Data entries:
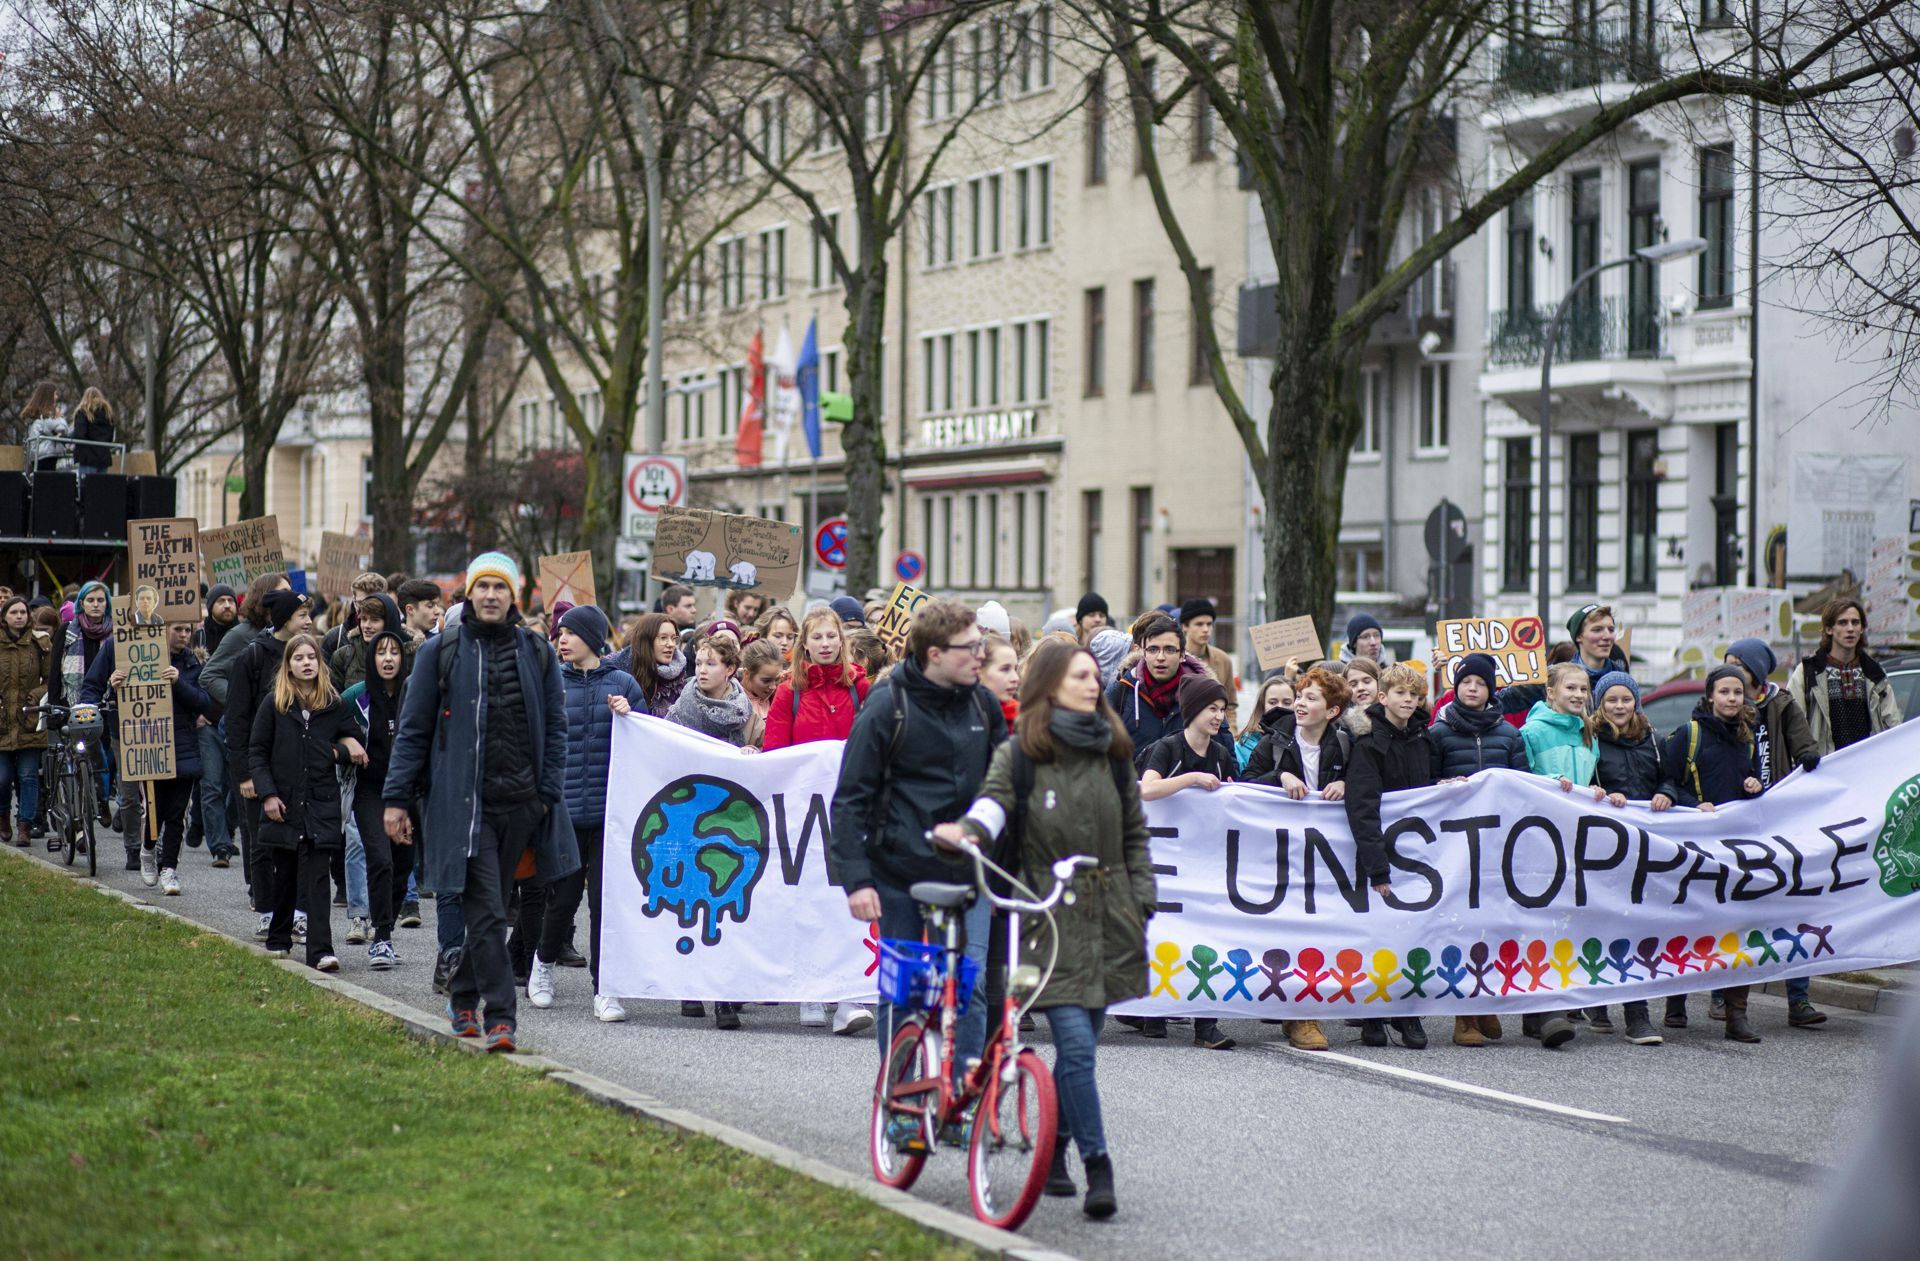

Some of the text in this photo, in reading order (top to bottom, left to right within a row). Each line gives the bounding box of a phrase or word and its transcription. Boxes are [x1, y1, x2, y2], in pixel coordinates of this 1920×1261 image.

[921, 409, 1038, 448] RESTAURANT
[139, 525, 170, 541] THE
[233, 524, 251, 539] mit
[145, 537, 193, 555] EARTH
[158, 554, 171, 564] IS
[212, 548, 284, 573] HOCH mit dem
[138, 562, 196, 579] HOTTER
[155, 576, 188, 589] THAN
[164, 589, 195, 607] LEO
[894, 585, 929, 612] EC
[882, 606, 912, 637] NO
[117, 625, 163, 643] DIE OF
[1445, 620, 1510, 652] END
[128, 643, 160, 664] OLD
[127, 664, 161, 683] AGE
[1446, 650, 1540, 685] CAL!
[120, 683, 167, 702] I'LL DIE
[132, 702, 156, 718] OF
[122, 717, 171, 746] CLIMATE
[126, 745, 172, 776] CHANGE
[1877, 779, 1920, 884] FRIDAYS FO
[1226, 815, 1870, 915] UNSTOPPABLE

### Task to carry out
Without the pictures, reproduce every line of the records above exactly.

### Expected answer
Some of the text in this photo, in reading order (top to bottom, left to right within a row). Each line gives the bounding box of a phrase or word and its transcription. Boxes are [x1, y1, x2, y2], in pixel coordinates of this 1920×1261 image.

[921, 409, 1038, 448] RESTAURANT
[139, 525, 170, 541] THE
[233, 524, 251, 539] mit
[145, 537, 193, 555] EARTH
[158, 554, 171, 564] IS
[212, 548, 284, 573] HOCH mit dem
[138, 562, 196, 579] HOTTER
[155, 576, 188, 589] THAN
[164, 589, 195, 607] LEO
[894, 585, 929, 612] EC
[882, 606, 912, 637] NO
[117, 625, 163, 643] DIE OF
[1445, 620, 1510, 652] END
[128, 643, 160, 664] OLD
[127, 664, 161, 683] AGE
[1446, 650, 1540, 685] CAL!
[120, 683, 167, 702] I'LL DIE
[132, 702, 156, 718] OF
[122, 717, 171, 746] CLIMATE
[126, 745, 172, 776] CHANGE
[1877, 779, 1920, 884] FRIDAYS FO
[1226, 815, 1870, 915] UNSTOPPABLE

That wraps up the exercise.